Now, Henderson says he wants state officials to prove they can implement and sustain the receiver's changes before he lets go of the system.

Prison officials had argued they’re ready to resume control of health care within a month, but Henderson said he sees "no sufficient evidence” to back up that claim. Instead, the judge wants a gradual transition of authority from the federal court to the state.

"Although we believe that the receivership is no longer necessary," said Jeffrey Callison of the state Department of Corrections, "we are encouraged that the court is directing the receiver to start returning health care authority back to the state of California."

Judge Henderson has proposed that the receiver return control of the health care system one piece at a time. He has already returned provisional control over the escorts who take prisoners to their appointments, and future steps would include returning control over hiring staff, managing medicines and, ultimately, the prison budget.

How well prison officials handle each step will determine how quickly the rest of the transition goes.

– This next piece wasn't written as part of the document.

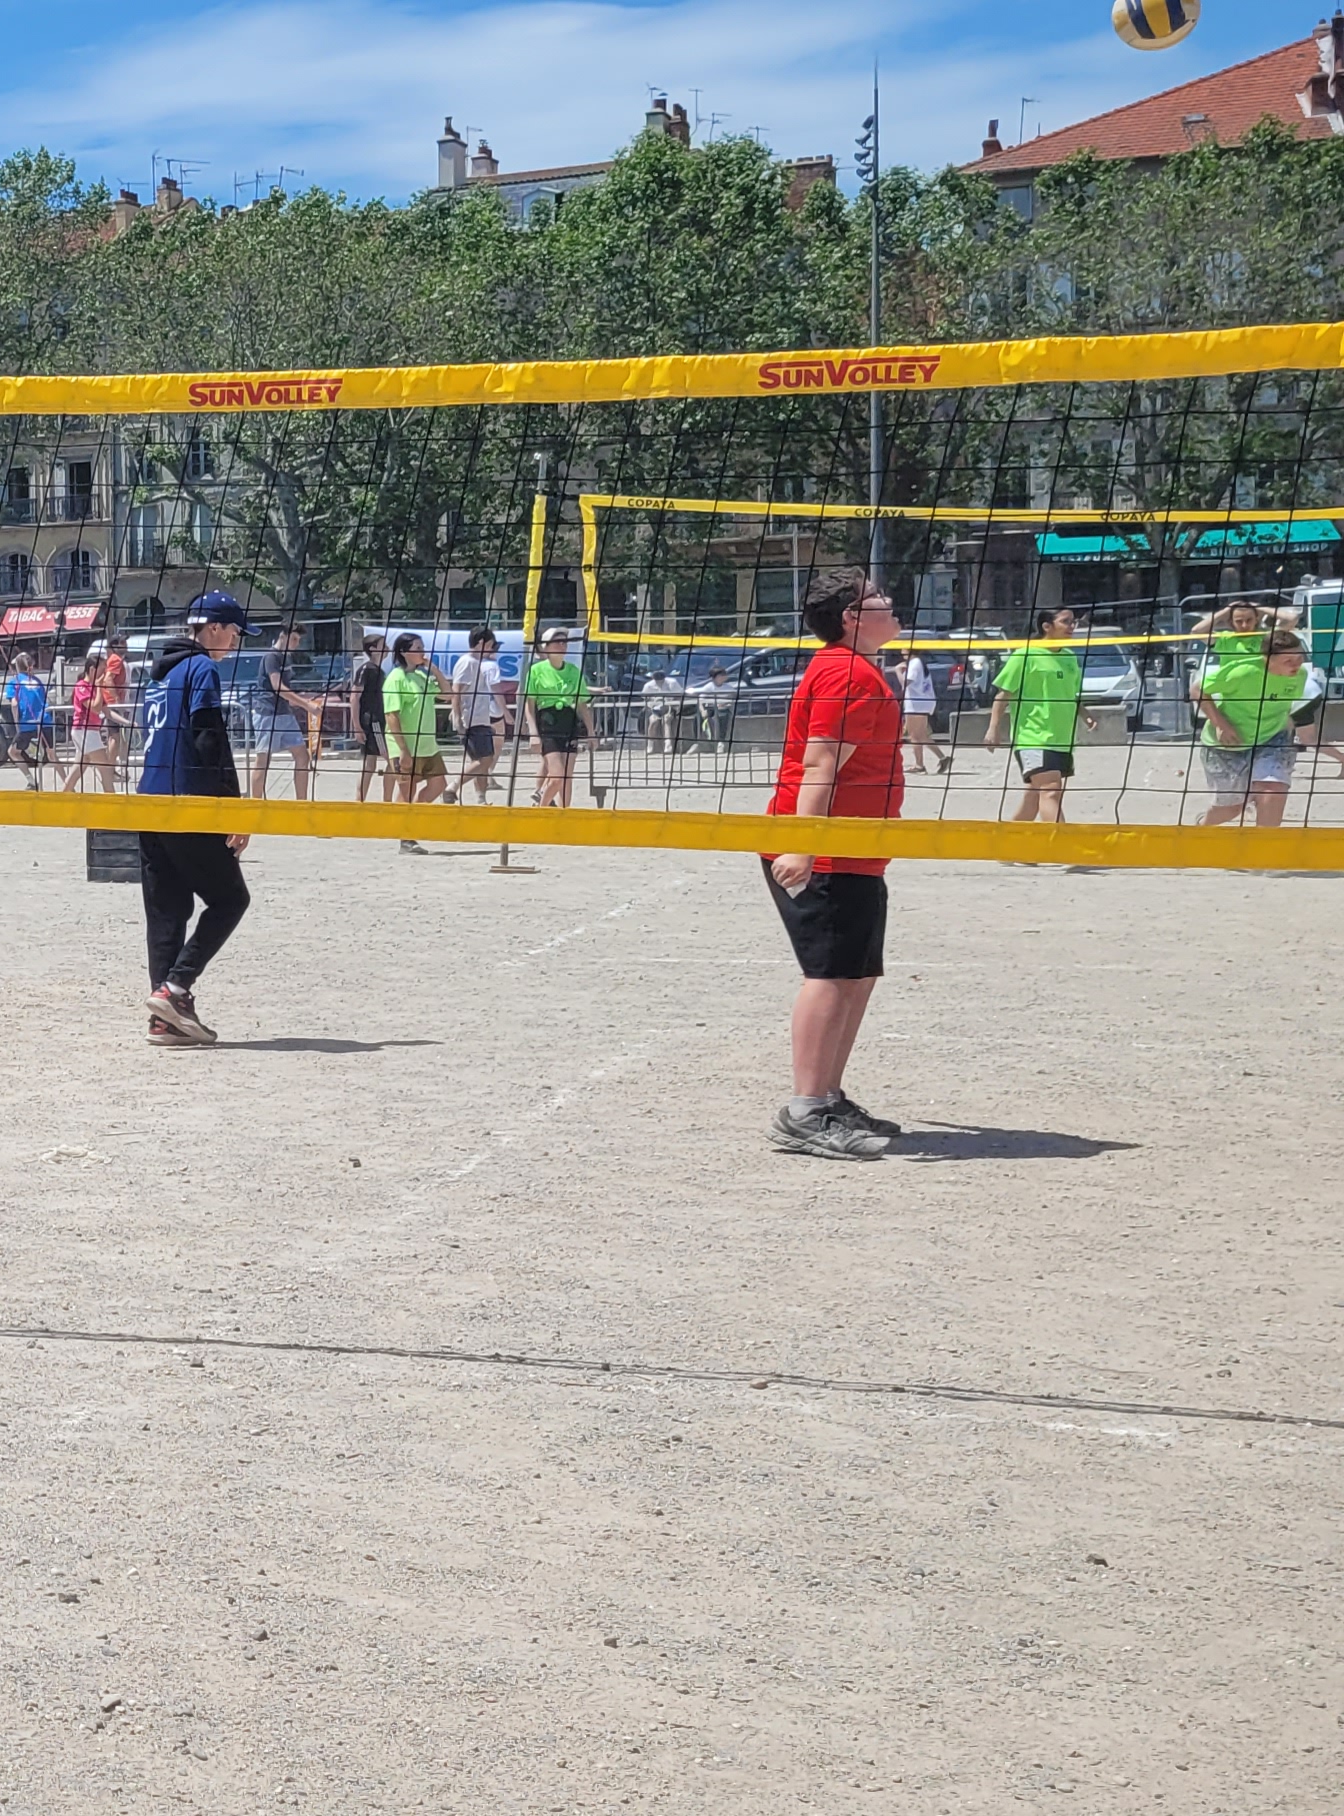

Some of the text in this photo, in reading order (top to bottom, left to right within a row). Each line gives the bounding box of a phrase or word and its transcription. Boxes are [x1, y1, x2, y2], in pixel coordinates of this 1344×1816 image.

[854, 507, 905, 518] COPAYA
[1100, 511, 1155, 522] COPAYA
[1293, 542, 1329, 552] SHOP
[8, 608, 46, 623] TABAC

“If someone’s been found to be guilty of neglect and malfeasance, for decades, you don’t just say ‘OK we trust you. Go for it!’” says Don Spector, an attorney with the Prison Law Office. Spector sued on behalf of inmates who did not receive timely care. He likes Judge Henderson’s plan.

"It’s kind of like getting off parole," he said. "They have to show that they’ve been rehabilitated and now know what they’re doing and can handle the extra responsibilities."

Henderson also wants to protect changes the receiver made, including stricter oversight and improved rules for continuity of care. To make sure that happens, the judge ordered the state to write the receiver’s changes into law.

In a written statement, receiver Clark Kelso said there's no set timeline to end the receivership.

“We have come a long way in improving medical care while also reducing expenses" Kelso wrote. "The period of transition we are entering is essential to ensuring the state is able to sustain an adequate health care system within the prisons.”